## Image-backed grounding data

------------

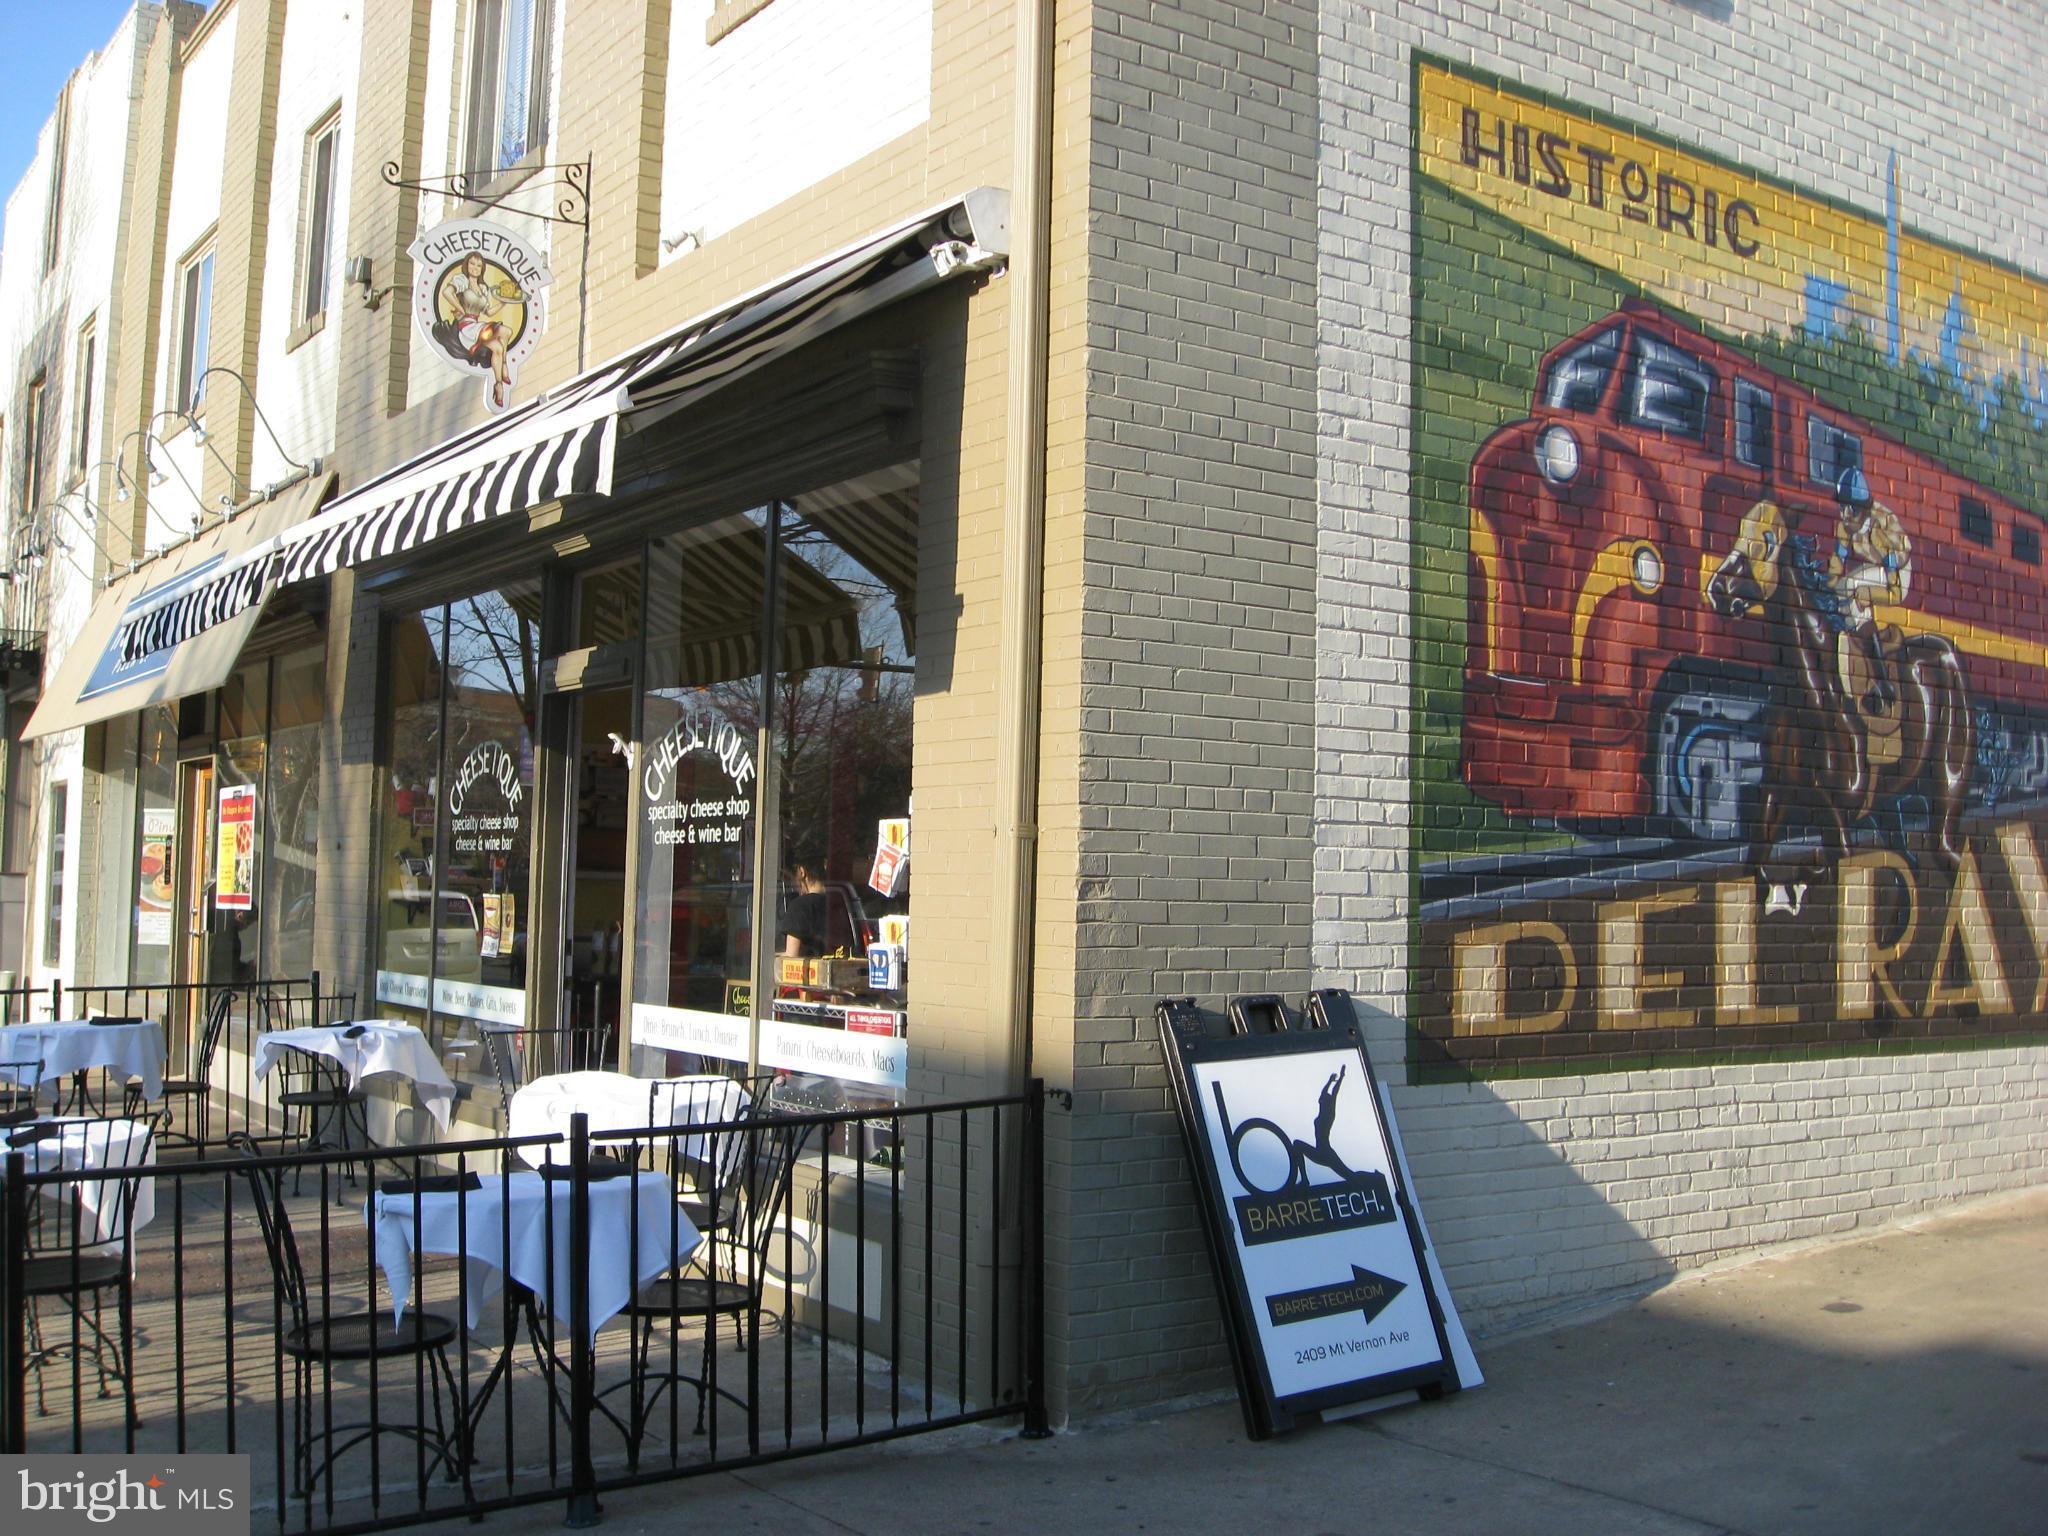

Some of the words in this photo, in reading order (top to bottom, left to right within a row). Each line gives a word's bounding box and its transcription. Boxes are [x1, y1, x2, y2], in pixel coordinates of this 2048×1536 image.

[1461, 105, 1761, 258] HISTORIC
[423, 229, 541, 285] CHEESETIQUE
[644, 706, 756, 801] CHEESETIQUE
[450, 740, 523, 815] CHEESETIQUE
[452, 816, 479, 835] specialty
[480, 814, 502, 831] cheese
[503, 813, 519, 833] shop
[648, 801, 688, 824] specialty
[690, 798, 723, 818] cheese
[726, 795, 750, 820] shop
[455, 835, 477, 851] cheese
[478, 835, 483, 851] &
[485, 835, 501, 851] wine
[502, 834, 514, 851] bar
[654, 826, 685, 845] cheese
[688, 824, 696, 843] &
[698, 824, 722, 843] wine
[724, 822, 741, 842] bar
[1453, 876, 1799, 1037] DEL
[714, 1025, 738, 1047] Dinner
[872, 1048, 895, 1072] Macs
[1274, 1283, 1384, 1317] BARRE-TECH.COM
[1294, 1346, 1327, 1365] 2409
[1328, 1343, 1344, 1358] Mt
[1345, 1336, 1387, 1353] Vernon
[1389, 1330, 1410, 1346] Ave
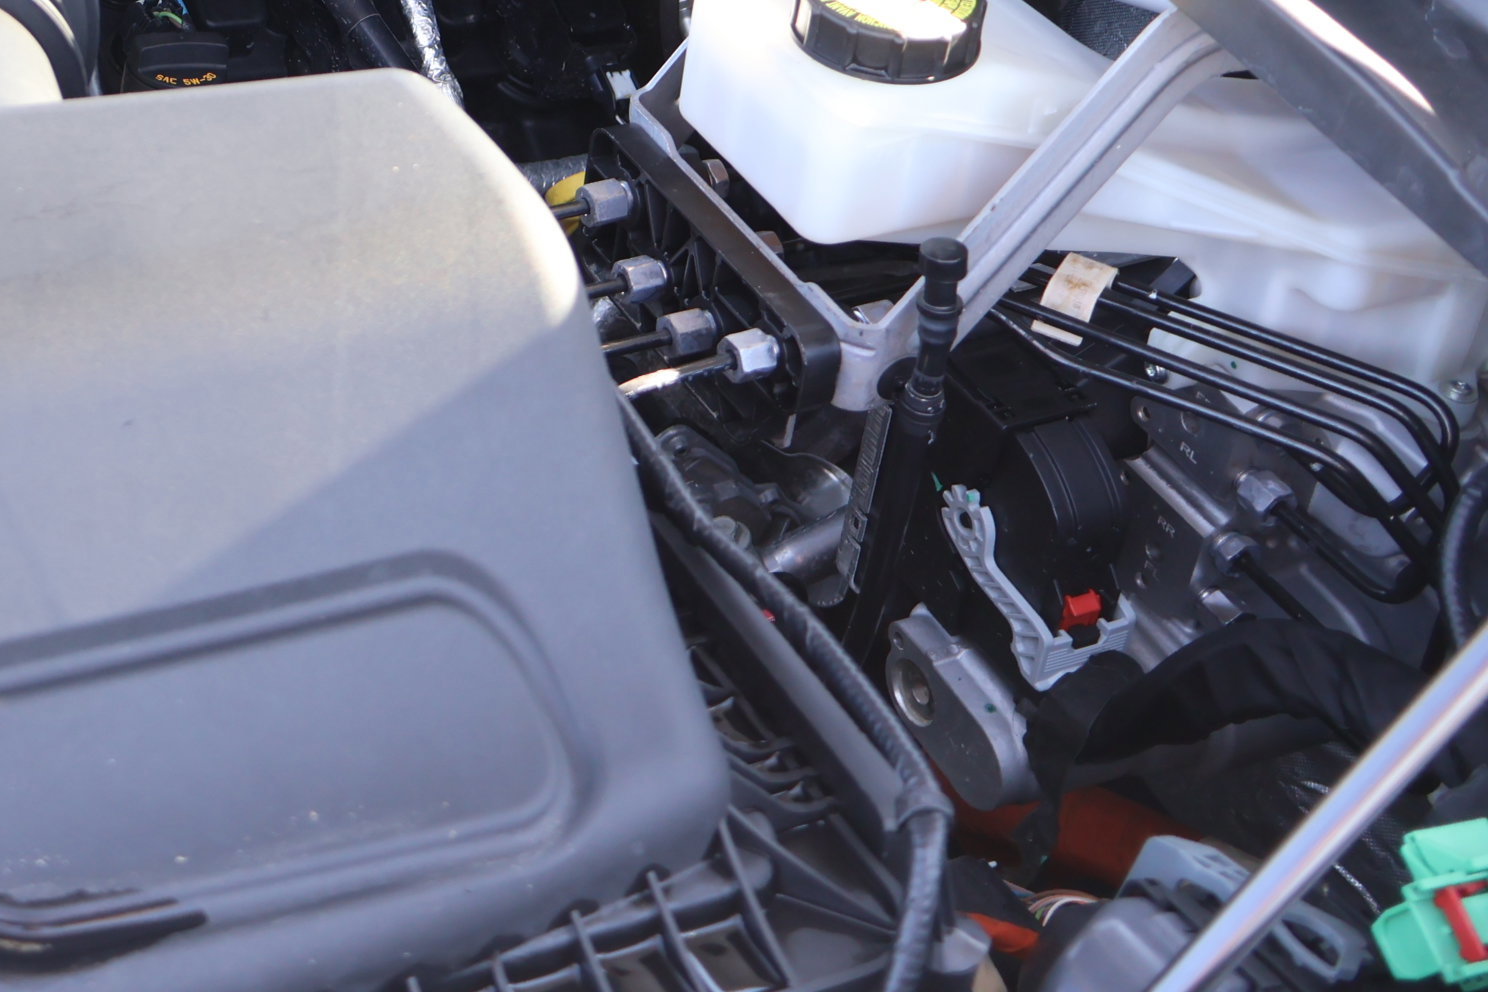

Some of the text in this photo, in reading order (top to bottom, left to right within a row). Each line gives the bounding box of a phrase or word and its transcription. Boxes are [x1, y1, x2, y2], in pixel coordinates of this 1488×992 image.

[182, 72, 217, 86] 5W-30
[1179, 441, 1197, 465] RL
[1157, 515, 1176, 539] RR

------------

## ASSIGNED TASK
Your task is to reproduce every record exactly while omitting the pictures.

## RESPONSE TO THIS TASK
Some of the words in this photo, in reading order (top to bottom, left to right within a row). Each line gives a word's bounding box and its transcription. Boxes are [x1, y1, x2, y2], in pixel coordinates of this 2048×1536 image.

[1461, 105, 1761, 258] HISTORIC
[423, 229, 541, 285] CHEESETIQUE
[644, 706, 756, 801] CHEESETIQUE
[450, 740, 523, 815] CHEESETIQUE
[452, 816, 479, 835] specialty
[480, 814, 502, 831] cheese
[503, 813, 519, 833] shop
[648, 801, 688, 824] specialty
[690, 798, 723, 818] cheese
[726, 795, 750, 820] shop
[455, 835, 477, 851] cheese
[478, 835, 483, 851] &
[485, 835, 501, 851] wine
[502, 834, 514, 851] bar
[654, 826, 685, 845] cheese
[688, 824, 696, 843] &
[698, 824, 722, 843] wine
[724, 822, 741, 842] bar
[1453, 876, 1799, 1037] DEL
[714, 1025, 738, 1047] Dinner
[872, 1048, 895, 1072] Macs
[1274, 1283, 1384, 1317] BARRE-TECH.COM
[1294, 1346, 1327, 1365] 2409
[1328, 1343, 1344, 1358] Mt
[1345, 1336, 1387, 1353] Vernon
[1389, 1330, 1410, 1346] Ave

Some of the text in this photo, in reading order (top to bottom, left to right within a row). Each line gives the bounding box of a phrase or word and its transcription. Boxes are [x1, y1, x2, y2], in pixel coordinates of this 1488×992 image.

[182, 72, 217, 86] 5W-30
[1179, 441, 1197, 465] RL
[1157, 515, 1176, 539] RR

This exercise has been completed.